### Task data ###

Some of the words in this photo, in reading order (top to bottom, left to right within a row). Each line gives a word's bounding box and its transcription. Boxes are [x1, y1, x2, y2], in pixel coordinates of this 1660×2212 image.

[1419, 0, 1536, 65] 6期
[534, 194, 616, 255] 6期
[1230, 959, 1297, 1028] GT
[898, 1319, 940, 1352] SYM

###
### Task data ###

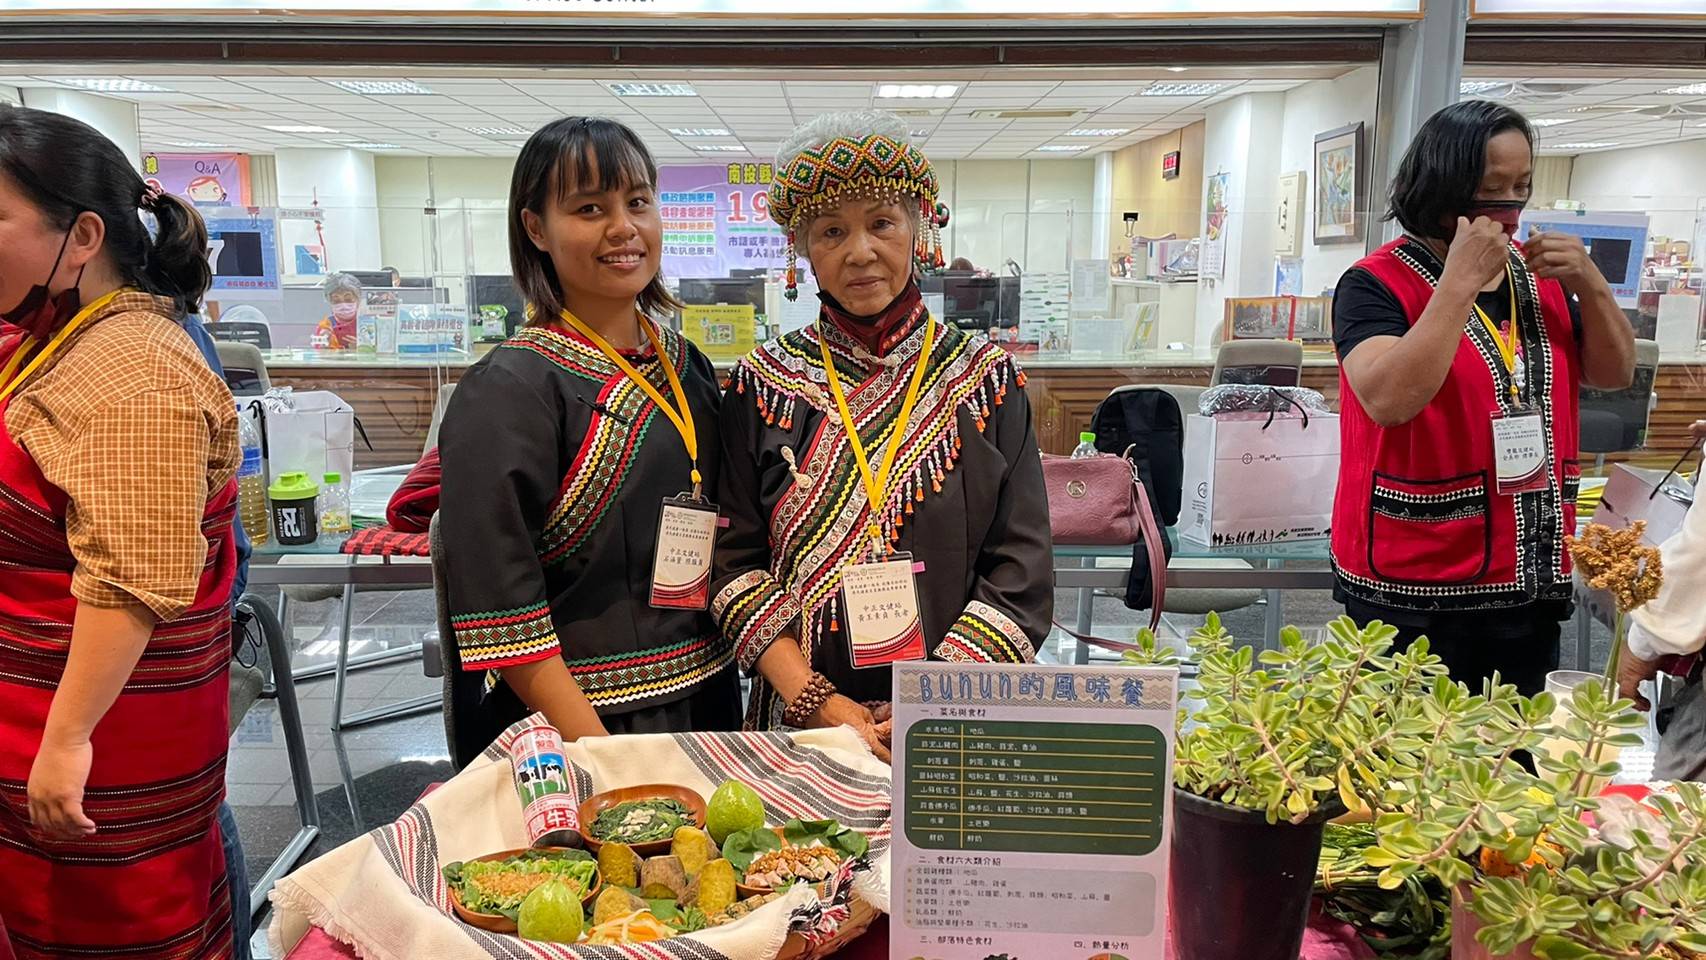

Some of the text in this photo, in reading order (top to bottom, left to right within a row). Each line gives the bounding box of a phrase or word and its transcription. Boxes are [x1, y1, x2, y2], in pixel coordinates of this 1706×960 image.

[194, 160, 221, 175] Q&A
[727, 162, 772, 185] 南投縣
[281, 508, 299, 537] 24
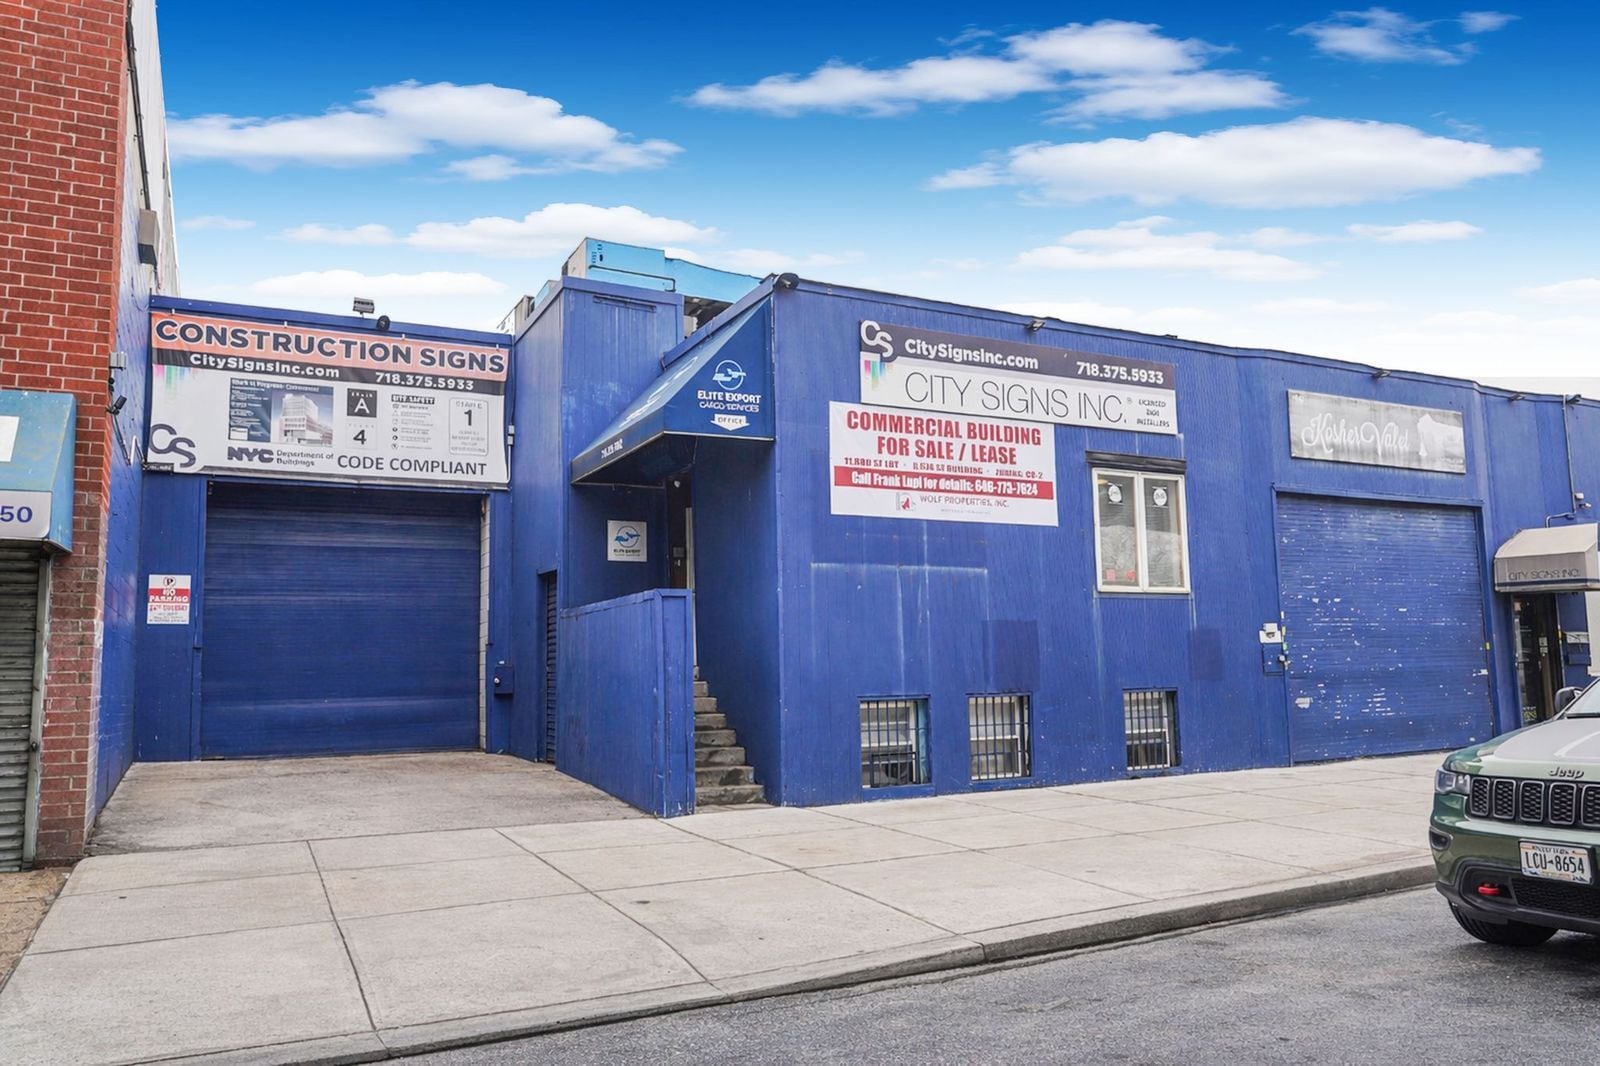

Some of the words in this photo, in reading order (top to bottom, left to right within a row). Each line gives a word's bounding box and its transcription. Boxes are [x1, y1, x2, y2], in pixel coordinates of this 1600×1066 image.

###

### Required action
Using the entries above, extract exactly the lines from the one that contains "Some of the text" through the one that contains "this 1600×1066 image.". Do not carry over any pictures.

### Response below
Some of the text in this photo, in reading order (top to bottom, left to right within a row). Each line gives the bounding box of a phrase or word and its transcription. Boxes are [x1, y1, x2, y2], in pixel coordinates of this 1706×960 image.

[194, 160, 221, 175] Q&A
[727, 162, 772, 185] 南投縣
[281, 508, 299, 537] 24

Some of the words in this photo, in reading order (top to bottom, left to right within a row). Each line gives a word's bounding box and its transcription. Boxes are [x1, y1, x2, y2], in pixel coordinates of this 1600×1066 image.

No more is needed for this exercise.